-- Work to be completed --
In the copy, include no images, and repeat each entry precisely as written.

** Dataset content follows **

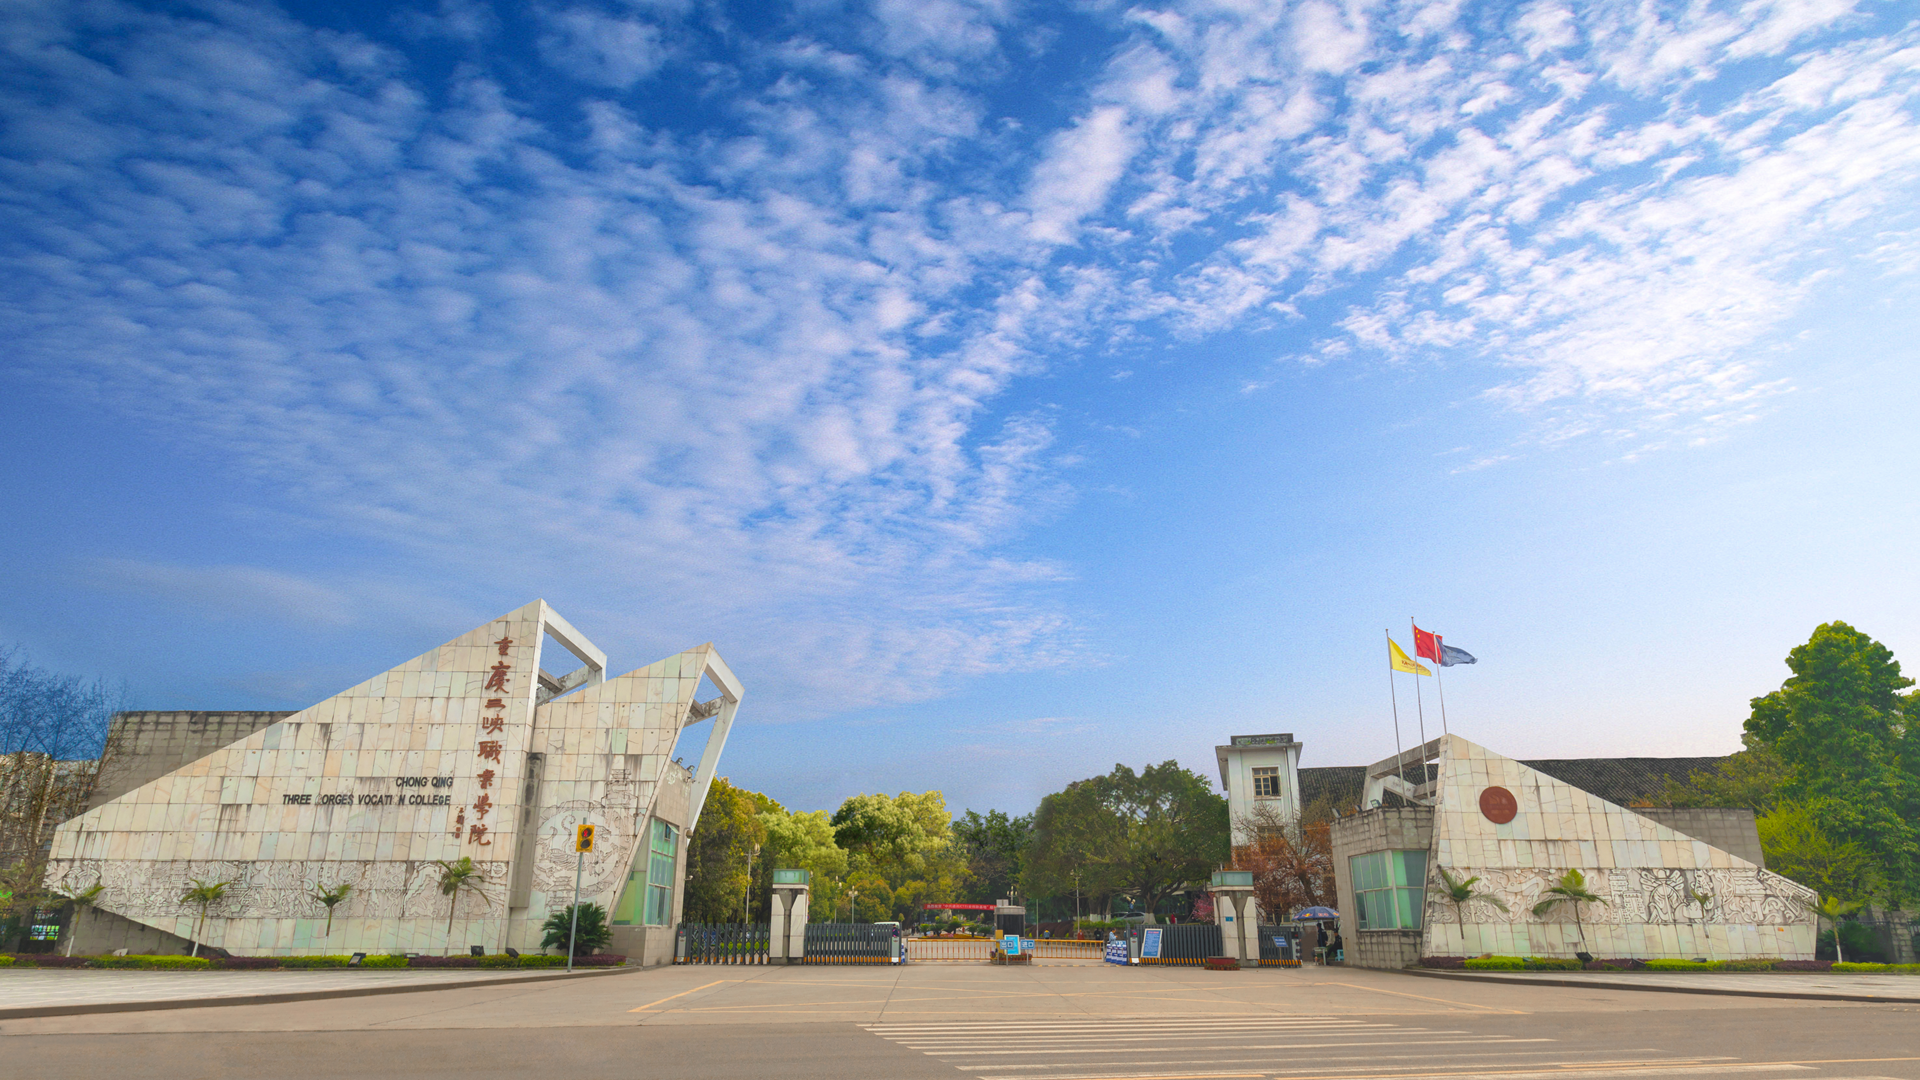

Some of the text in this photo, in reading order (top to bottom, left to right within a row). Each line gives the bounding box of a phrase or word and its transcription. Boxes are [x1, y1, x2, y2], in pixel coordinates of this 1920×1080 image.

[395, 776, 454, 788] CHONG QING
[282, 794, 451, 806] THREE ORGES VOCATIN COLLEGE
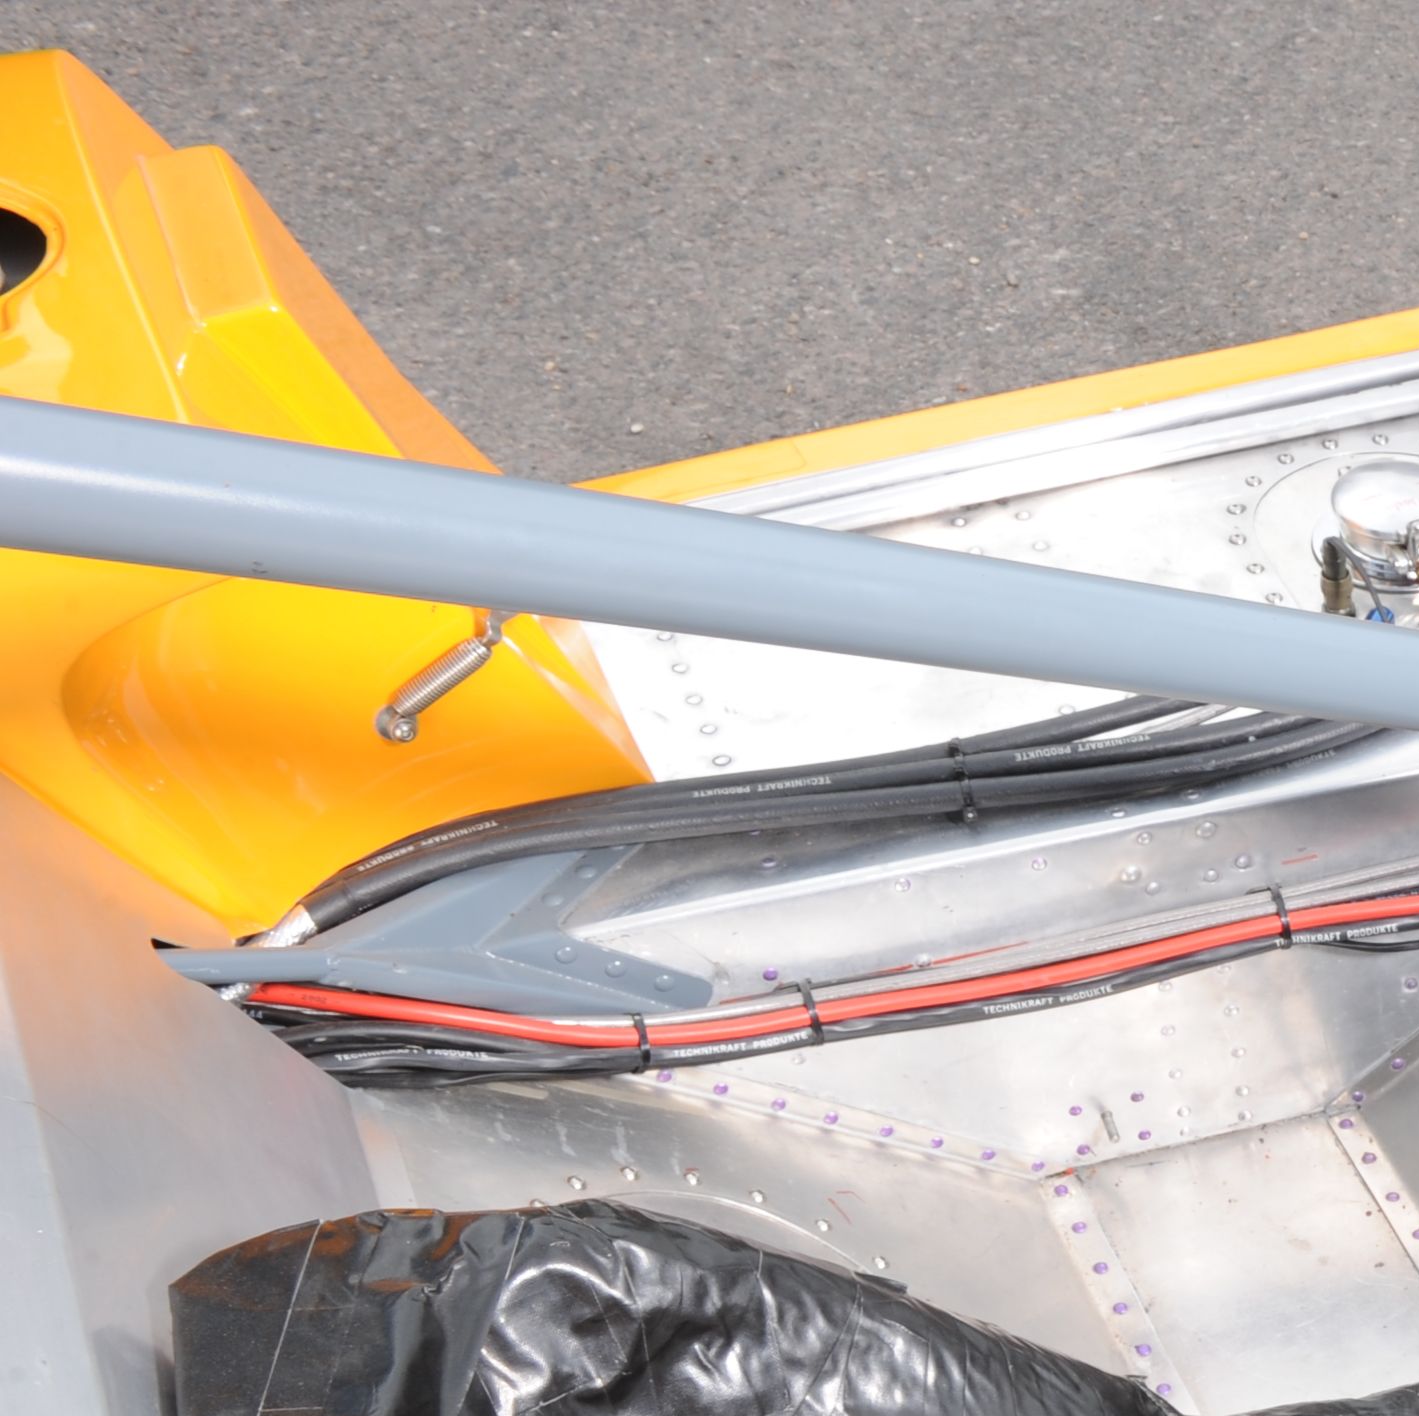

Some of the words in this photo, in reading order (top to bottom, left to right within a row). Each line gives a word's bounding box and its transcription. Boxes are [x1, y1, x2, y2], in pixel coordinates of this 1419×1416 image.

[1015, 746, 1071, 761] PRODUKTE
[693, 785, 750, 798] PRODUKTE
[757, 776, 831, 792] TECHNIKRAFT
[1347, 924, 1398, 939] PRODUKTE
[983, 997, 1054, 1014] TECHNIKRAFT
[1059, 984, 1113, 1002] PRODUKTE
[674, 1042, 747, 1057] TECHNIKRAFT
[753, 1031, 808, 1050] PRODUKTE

** End of Dataset content **

-- Answer for the task --
Some of the text in this photo, in reading order (top to bottom, left to right within a row). Each line gives the bounding box of a phrase or word and its transcription. Boxes are [x1, y1, x2, y2], in pixel coordinates of this 1920×1080 image.

[395, 776, 454, 788] CHONG QING
[282, 794, 451, 806] THREE ORGES VOCATIN COLLEGE

Some of the words in this photo, in reading order (top to bottom, left to right within a row). Each line gives a word's bounding box and its transcription. Boxes are [x1, y1, x2, y2], in pixel coordinates of this 1419×1416 image.

[1015, 746, 1071, 761] PRODUKTE
[693, 785, 750, 798] PRODUKTE
[757, 776, 831, 792] TECHNIKRAFT
[1347, 924, 1398, 939] PRODUKTE
[983, 997, 1054, 1014] TECHNIKRAFT
[1059, 984, 1113, 1002] PRODUKTE
[674, 1042, 747, 1057] TECHNIKRAFT
[753, 1031, 808, 1050] PRODUKTE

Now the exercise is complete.